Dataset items
________________________________________

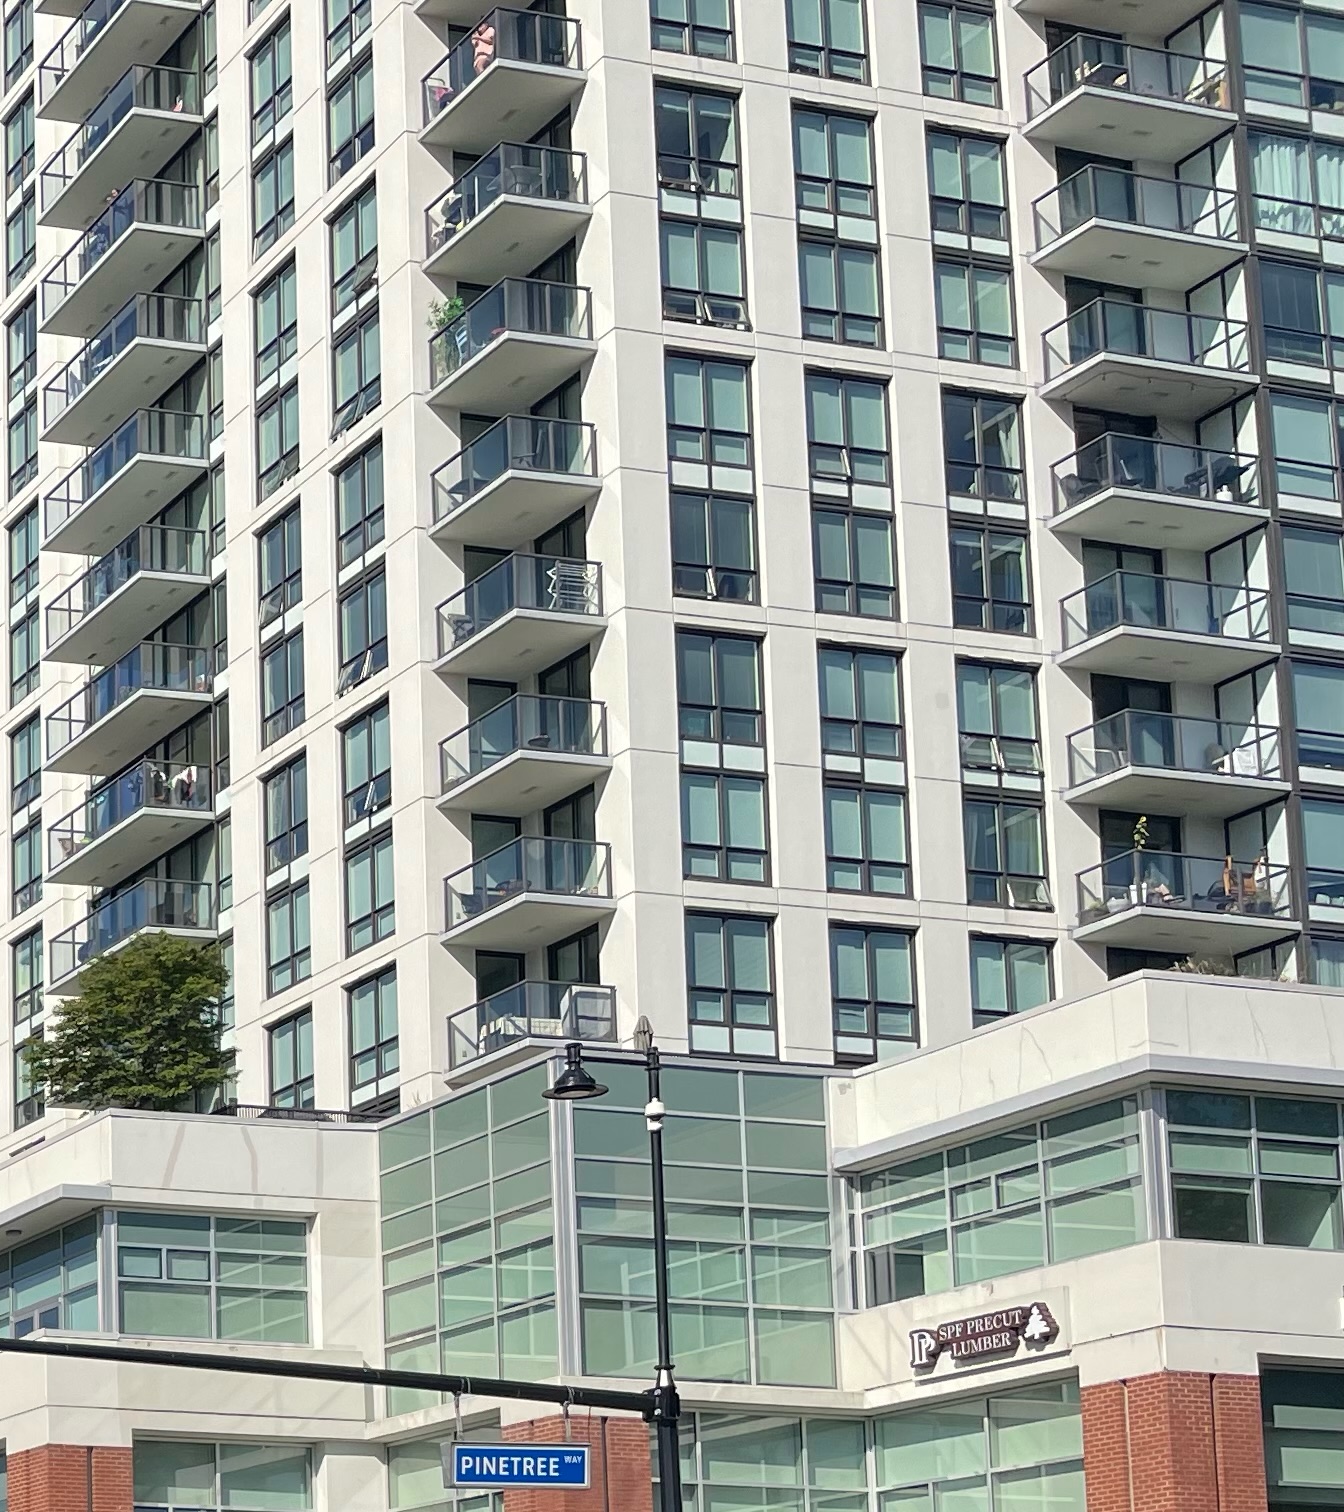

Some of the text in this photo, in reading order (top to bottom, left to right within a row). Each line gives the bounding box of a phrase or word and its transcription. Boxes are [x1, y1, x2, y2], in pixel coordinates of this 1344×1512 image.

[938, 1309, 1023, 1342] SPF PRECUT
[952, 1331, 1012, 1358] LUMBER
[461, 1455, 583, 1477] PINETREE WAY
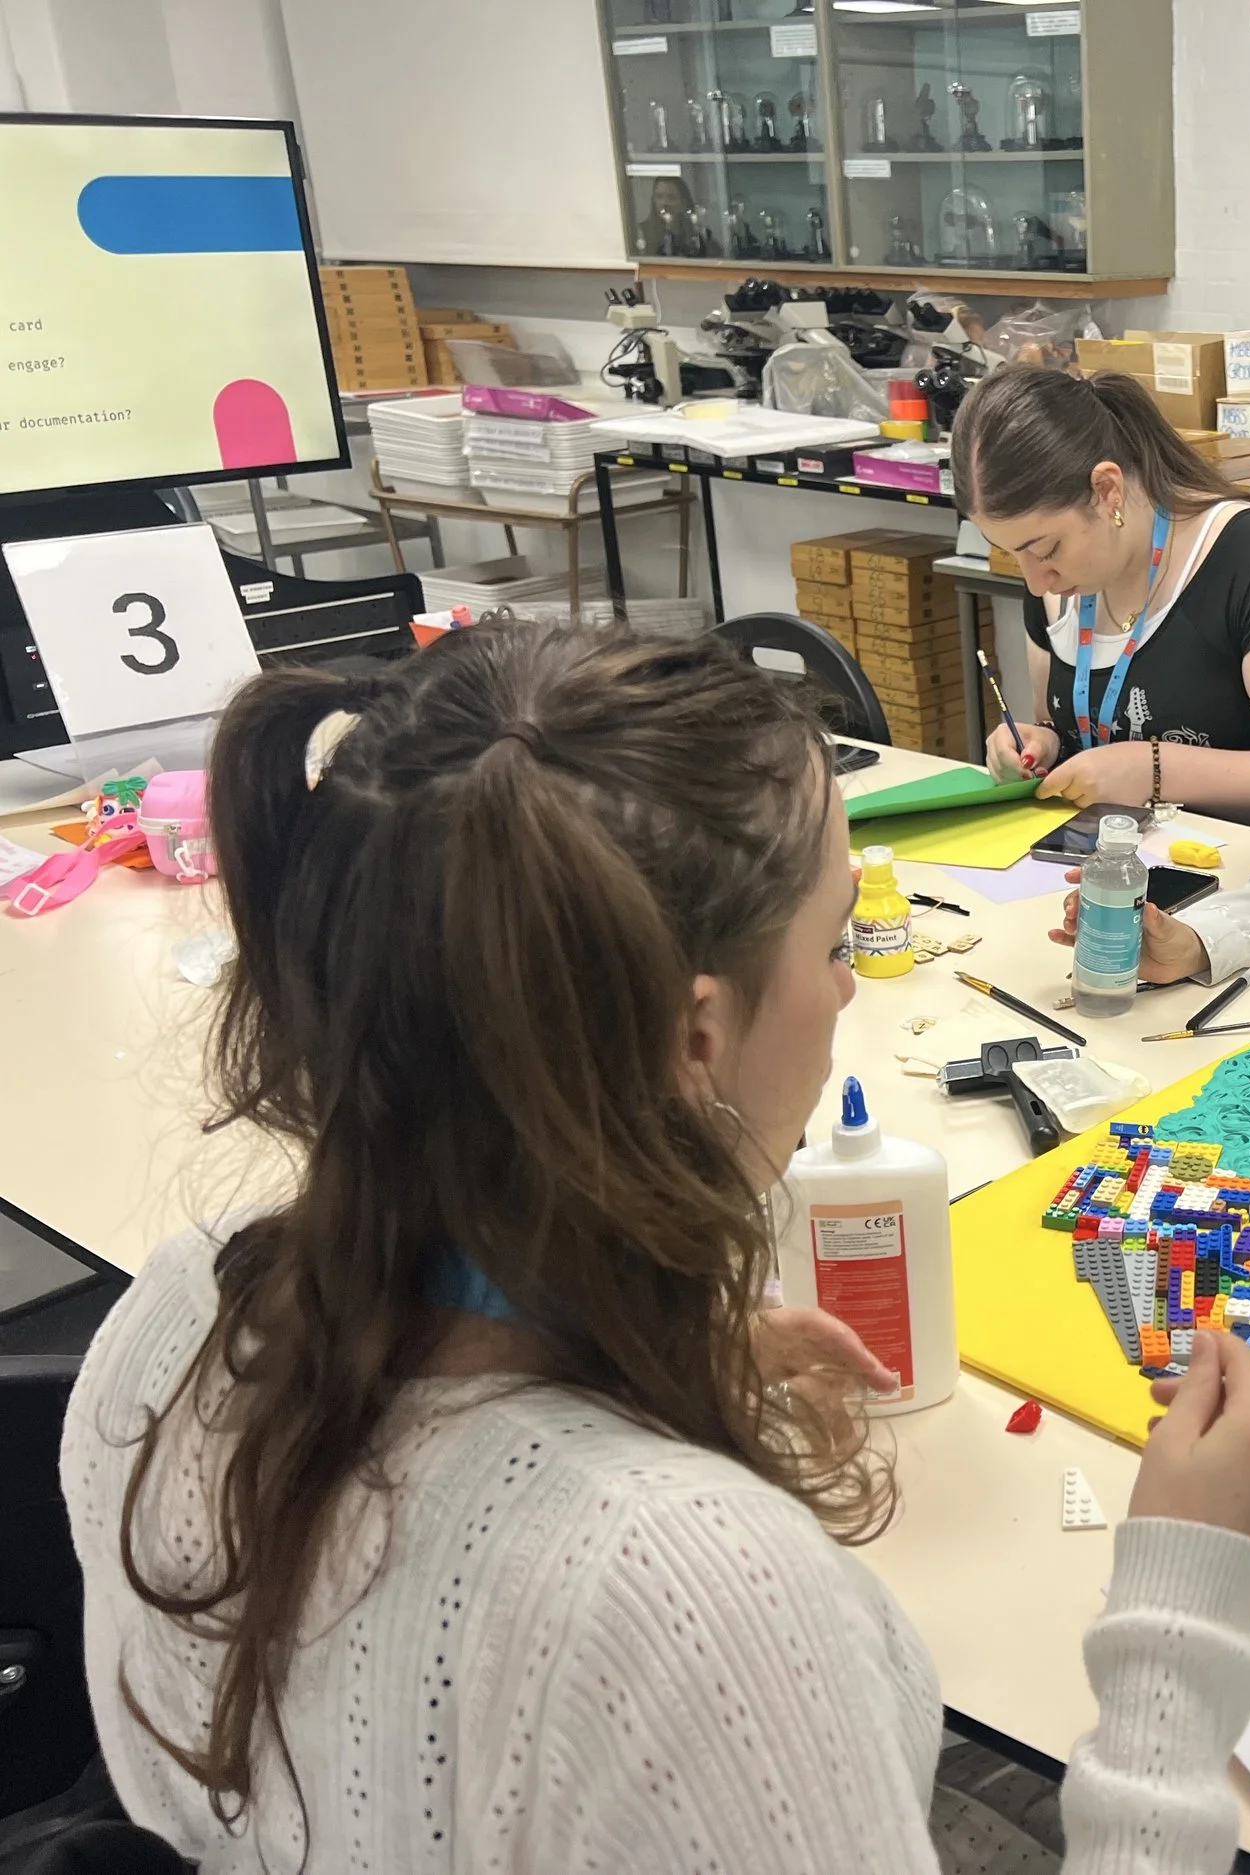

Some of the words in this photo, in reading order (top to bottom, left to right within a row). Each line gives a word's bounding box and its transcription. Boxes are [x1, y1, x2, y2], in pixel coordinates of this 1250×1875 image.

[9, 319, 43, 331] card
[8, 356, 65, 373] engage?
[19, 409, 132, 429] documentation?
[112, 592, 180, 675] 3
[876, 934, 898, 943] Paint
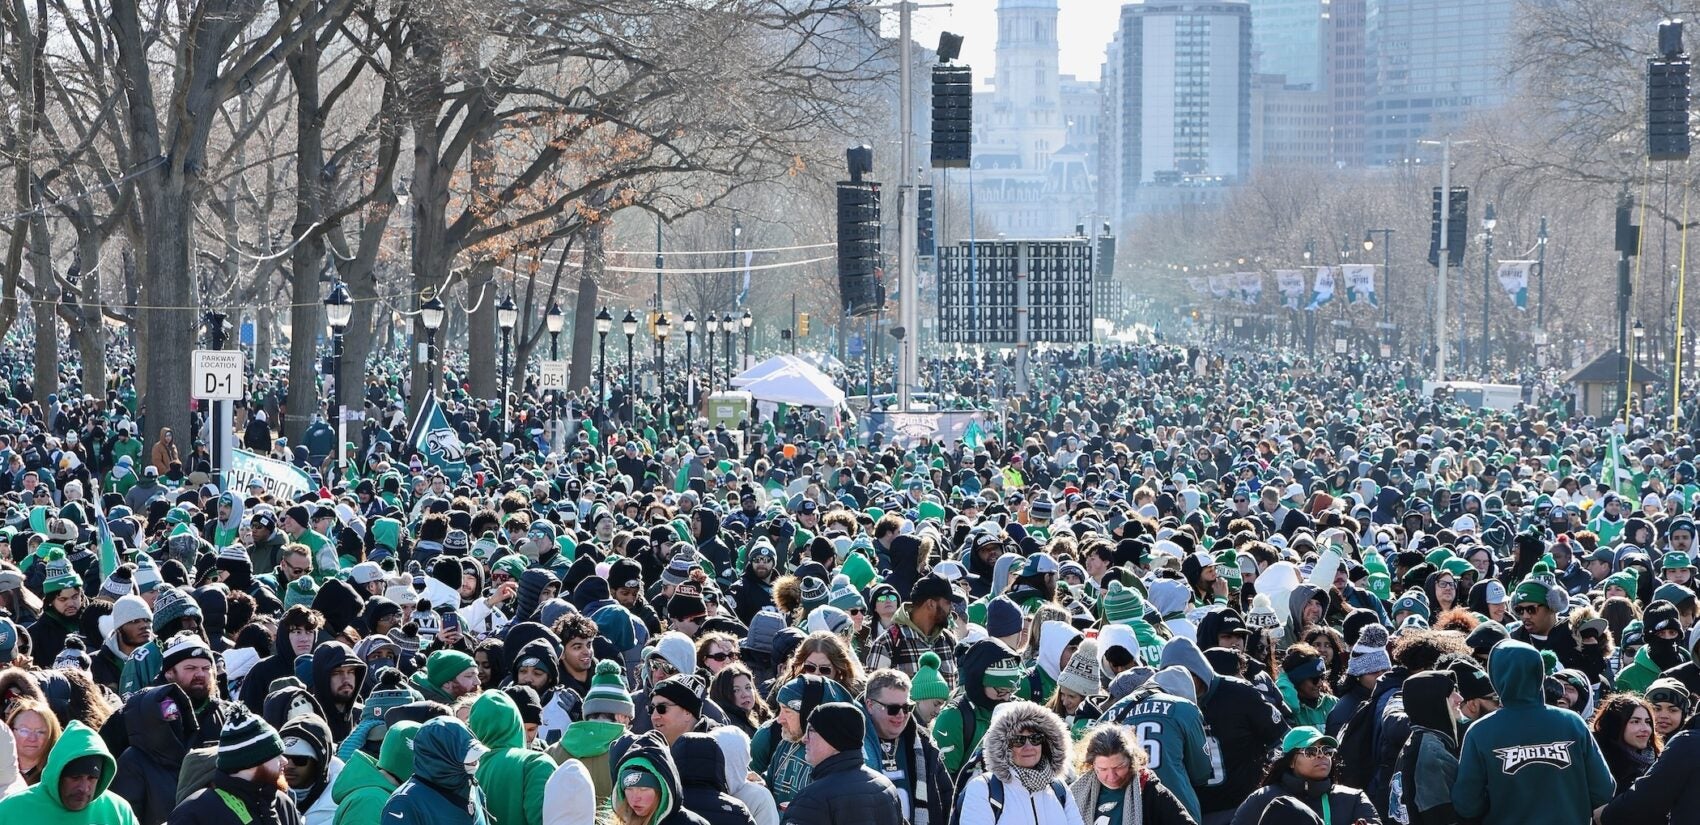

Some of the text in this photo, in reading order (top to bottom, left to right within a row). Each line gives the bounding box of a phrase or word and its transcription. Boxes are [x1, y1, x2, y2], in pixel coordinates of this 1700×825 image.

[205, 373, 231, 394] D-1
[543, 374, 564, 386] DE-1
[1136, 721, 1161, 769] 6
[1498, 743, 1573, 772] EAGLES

________________________________________

**Your goal:** In the records above, find the line containing "this 1700×825 image." and print it and every later line exactly, through the last one.

**Your response:**
Some of the text in this photo, in reading order (top to bottom, left to right within a row). Each line gives the bounding box of a phrase or word and its transcription. Boxes are [x1, y1, x2, y2], in pixel coordinates of this 1700×825 image.

[205, 373, 231, 394] D-1
[543, 374, 564, 386] DE-1
[1136, 721, 1161, 769] 6
[1498, 743, 1573, 772] EAGLES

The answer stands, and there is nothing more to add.